Line #208 9. Challenges of treating pain in cancer survivors - Targeting central sensitization. Line #223 Authors made not fully correct conclusion. The authors mentioned that:"A systematic review revealed that physical therapy such as manual therapy, exercise, electrotherapy, education, and acupuncture improved CS-related variables in patients with chronic musculoskeletal pain [74]". However, in the cited work effects of the physical therapies on cancer pain or pain in cancer survivors have not been studied because all mentioned forms of musculoskeletal pain did not have a neoplastic origin. Moreover, the authors of the cited work found that only manual therapy, among the other methods, induced a significant effect on CS. Therefore, the authors’ conciliation that "The result indicates the possibility of improving cancer pain via nonpharmacological treatment for CS" needs better evidence. Moreover, analyses of other studies that have been made later in the text [75-80] indicate that currently effects of physical therapies alone on cancer pain are not fully accepted. Also, it is not clear could these methods of treatment be useful for cancer survivors.

Response:

Thank you for this comment. We have added and corrected the sentences.

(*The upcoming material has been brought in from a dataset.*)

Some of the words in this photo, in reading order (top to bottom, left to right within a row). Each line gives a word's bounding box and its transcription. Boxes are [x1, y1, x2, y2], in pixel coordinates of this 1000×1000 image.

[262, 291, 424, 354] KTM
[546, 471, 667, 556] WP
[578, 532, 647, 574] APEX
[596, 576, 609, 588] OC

Page 6, line 252-256: “A systematic review revealed that physical therapy results in a modest improvement in CS variables such as TS and CPM in in patients with chronic musculoskeletal pain. It is not clear whether physical therapy improve CS variables in patients with cancer pain and pain after cancer treatment because the systematic review did not include them”

 

Major concern 3

Line # 162 “Moreover, microglia play a significant role in maintaining advanced stage cancer pain in women by generating the inflammatory cytokine IL-1β and increasing synaptic transmission of spinal nociceptive neurons [56].” It should be mentioned in the text that this data was obtained in preclinical experiments with female rats but not in women.

Response:

We apologize for the inaccurate description. We have added and corrected the sentences.

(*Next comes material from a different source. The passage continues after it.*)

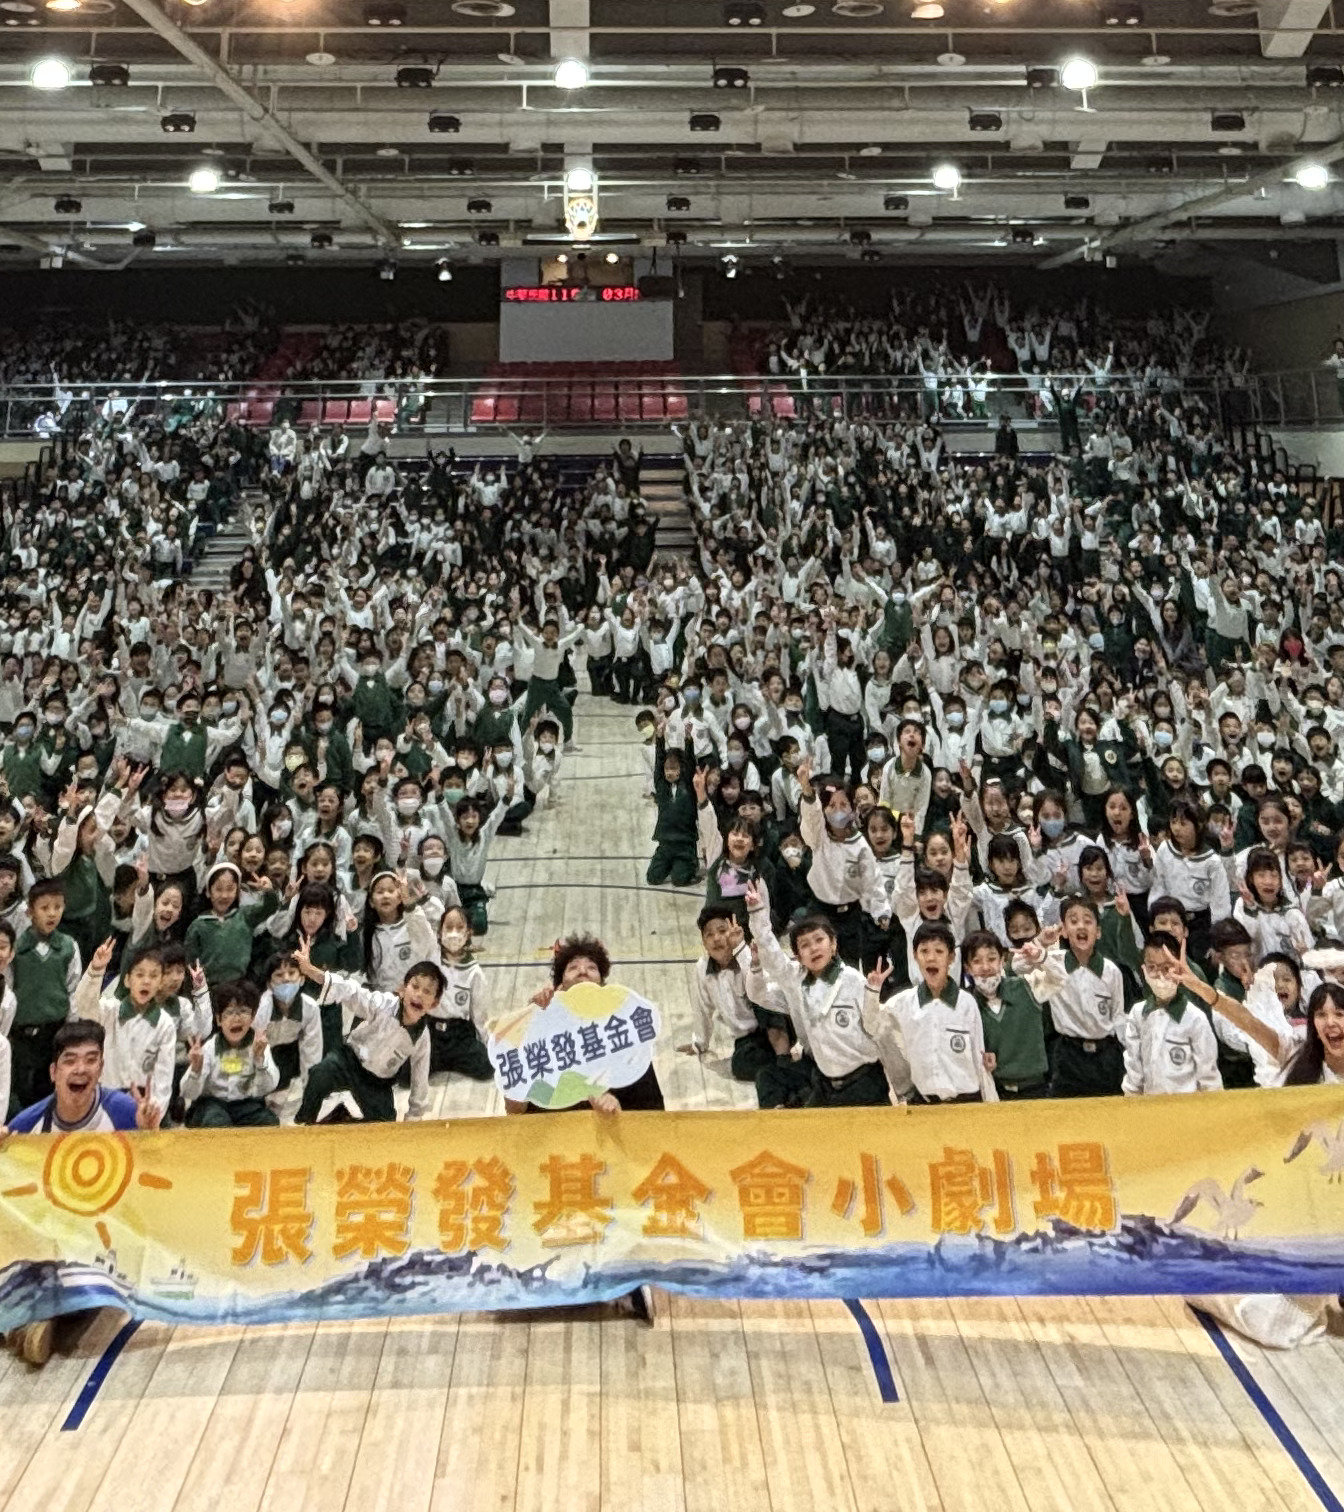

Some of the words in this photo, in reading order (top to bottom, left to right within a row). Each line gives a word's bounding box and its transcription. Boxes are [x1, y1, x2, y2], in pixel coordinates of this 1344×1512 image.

Page 4, line 1888-196: Moreover, microglia play a significant role in maintaining advanced stage cancer pain in female rats by generating the inflammatory cytokine IL-1β and increasing synaptic transmission of spinal nociceptive neurons [62]. Despite the likelihood of inflammation's involvement in CS among cancer survivors, there is currently only support of preclinical experiments and there is a lack of studies evaluating inflammatory markers in this population and investigating their association with CS. This remains an important area for future research, which will enhance our understanding of how to tackle inflammation for cancer pain and post-treatment pain in this cancer survivor population.

 

Minor concern 1

Abstract, line # 29, The abbreviation PNE first appeared in the abstract and should be translated. It should be good to put the abbreviation in parentheses just after “Pain neuroscience education”.

Response

We apologize for the inaccurate description. We have added the words (page 1, line 29).

 

Minor concern 2

Line # 150. “6. Inflammation and central sensitization in cancer survivors” must be in bold.

Response

We have corrected the sentences (page 4, line 176).

Round 2

Reviewer 2 Report

 

The authors significantly improved this review manuscript, in my opinion. However, I have a small concern that the authors could consider without a need for a re-review.

Line 68. “…CS-related symptoms predict predictors of persistent post-surgical pain intensity…”. I think it will be good to edit the text with “predict predictors”.

Author Response

We have corrected from "CS-related symptoms predict
predictors of persistent post‑surgical pain intensity and interference
at 1 year postoperatively" to "CS-related symptoms have the capability to predict the intensity and interference of persistent post-surgical pain 1 year after surgery".